Scott and Maehara met for about 30 minutes in the Capitol building, and each later gave a brief statement, taking no questions.
"We had a wonderful meeting. We met and talked about expanding trade between Florida and Japan, and expanding trade into Latin America, which is something I've talked about for a long time," Scott said.
The meeting comes just days after a report, authored by one of Scott's transportation transition team advisers, heaped skepticism on the amount the project would cost and the number of riders it would serve. The Reason Foundation report, co-authored by Robert Poole, suggested the high-speed rail connecting Tampa and Orlando could cost $3 billion more than expected --more than double the official estimate.
Notably, Scott did not mention the project in his remarks, while Maehara talked extensively about high-speed rail and the prospect of using Japanese businesses with experience designing and constructing such projects for Florida's rail lines.
"Today I also had the opportunity to explain the Japanese method of high-speed rail to Gov. Scott. I sincerely hope that the state of Florida will adopt this Japanese method of high-speed rail," Maehara said through an interpreter.
Maehara talked about the safety, speed and punctuality of the Japanese high-speed and bullet trains, but also mentioned that Japan could finance a portion of the project's cost through the Japan Bank for International Cooperation. Maehara met with U.S. Secretary of State Hillary Clinton earlier Saturday to discuss Japanese financing of other high-speed rail projects in the country.
Funding for the project has been a point of contention for Scott, who stated as a candidate that he opposes using state funds for the project. Federal funds have been lined up to pay for the Tampa-Orlando line, but Florida must finance $280 million of the costs -- perhaps considerably more, according to some estimates -- possibly through a public-private partnership. Scott's office has stated that the governor is reviewing the Reason Foundation report but hasn't taken a position on the project.
Maehara also touted the jobs the project would create, but did not specify how many.
"I hope and I'm certain that (Gov. Scott) will revitalize the economy of Florida as a CEO governor," Maehara said.

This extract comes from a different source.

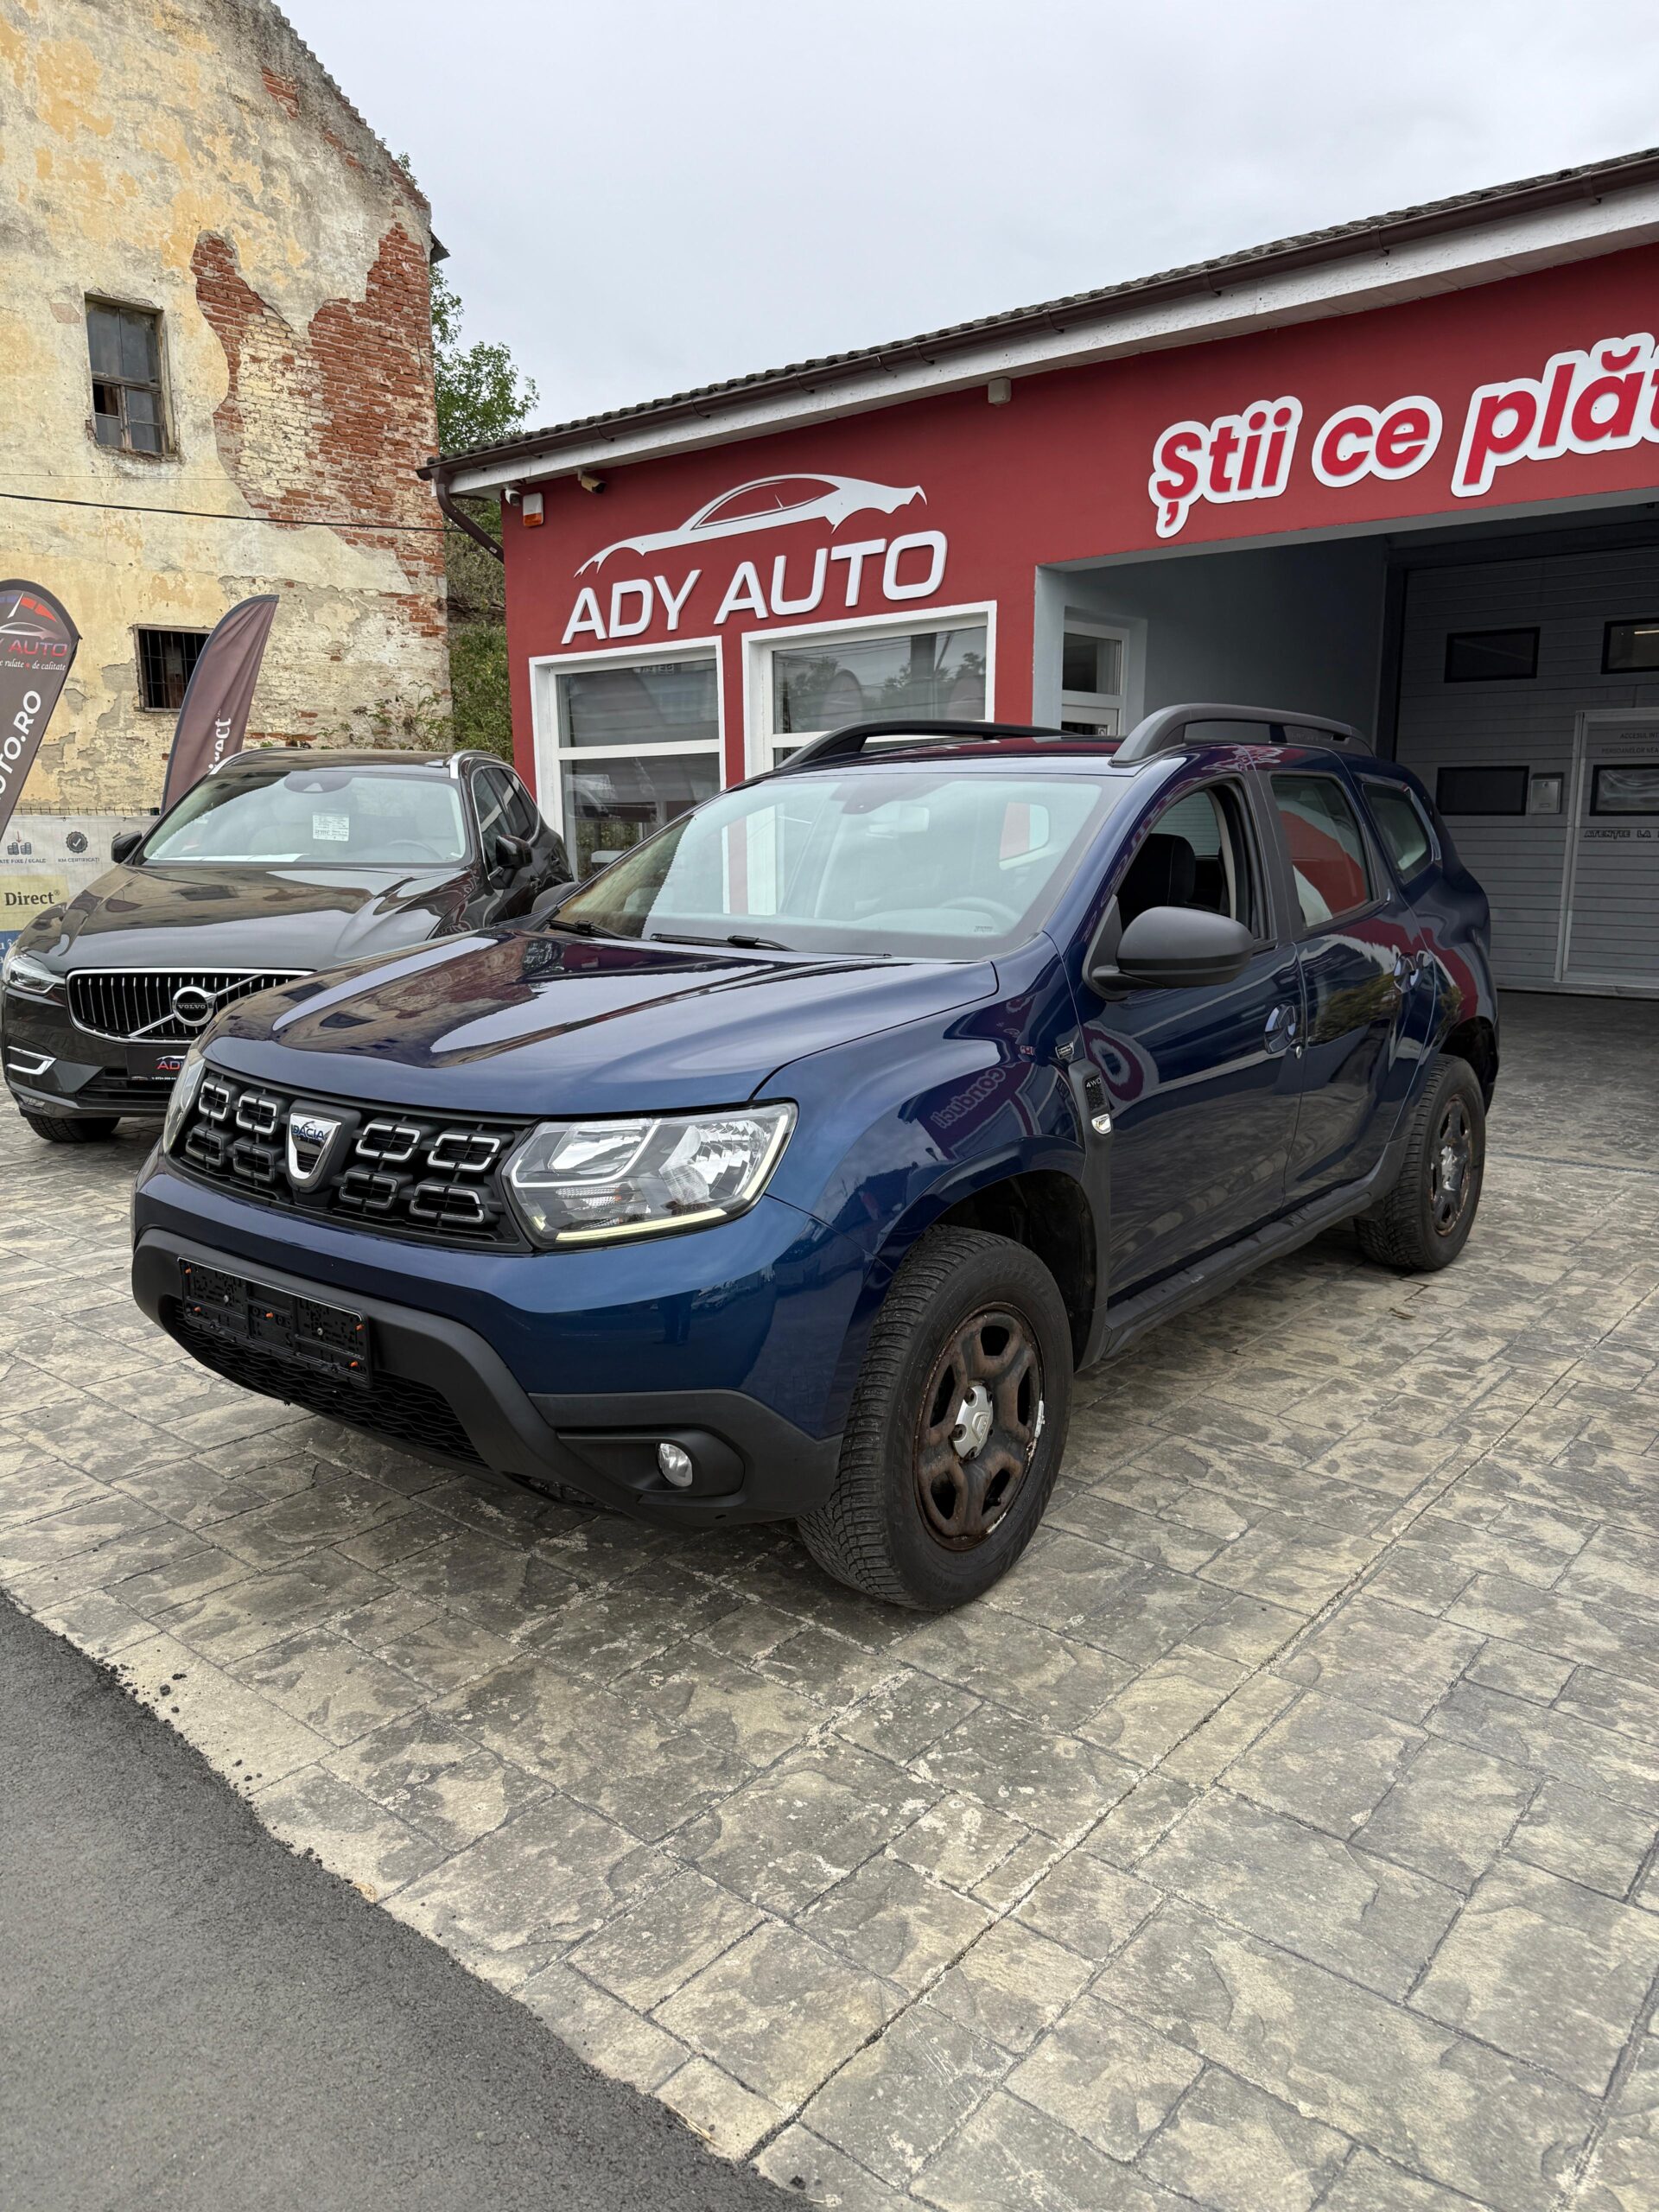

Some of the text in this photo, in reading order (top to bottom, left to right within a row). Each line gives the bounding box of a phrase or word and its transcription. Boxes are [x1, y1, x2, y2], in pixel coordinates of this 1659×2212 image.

During the meeting, Scott pointed out the improved opportunities for job creation that businesses will have under his 7-7-7 plan, and how both Japan and Florida have an economic interest in the expansion of the Panama Canal zone.
Scott presented the foreign minister with a traditional basket of one-of-a-kind Florida oranges, cufflinks bearing the Florida state seal, and an album showing the scenery of the state.
He announced that he will visit Japan when his schedule permits to continue trade discussions, and indicated Saturday's meeting would likely be the first of many exchanges between Florida and Japan.
I look forward to hosting a trade mission of Japanese business leaders in our great state to discuss the many advantages of locating their operations inFloridaand hiringFloridas well-educated employees. I am also excited to accept (Maehara's) offer to travel to Japan to discuss business opportunities for exporting more Florida goods and products to Japan," Scott said in a statement released after the meeting.
Bloomberg Businessweek reported Saturday that Japan may offer as much as $210 million in loans to help withFlorida's Tampa-Orlando high-speed railway. Central Japan Railway Co. is competing against Asian and European companies to build the first U.S. bullet-train line.
According to the story -- and a Bloomberg interview in Tokyo on Friday with Tadashi Maeda, head of Central's corporate planning -- state-owned Japan Bank for International Cooperation may lend as much as 60 percent of the Florida projects overall funding shortfall as part of the Central bid.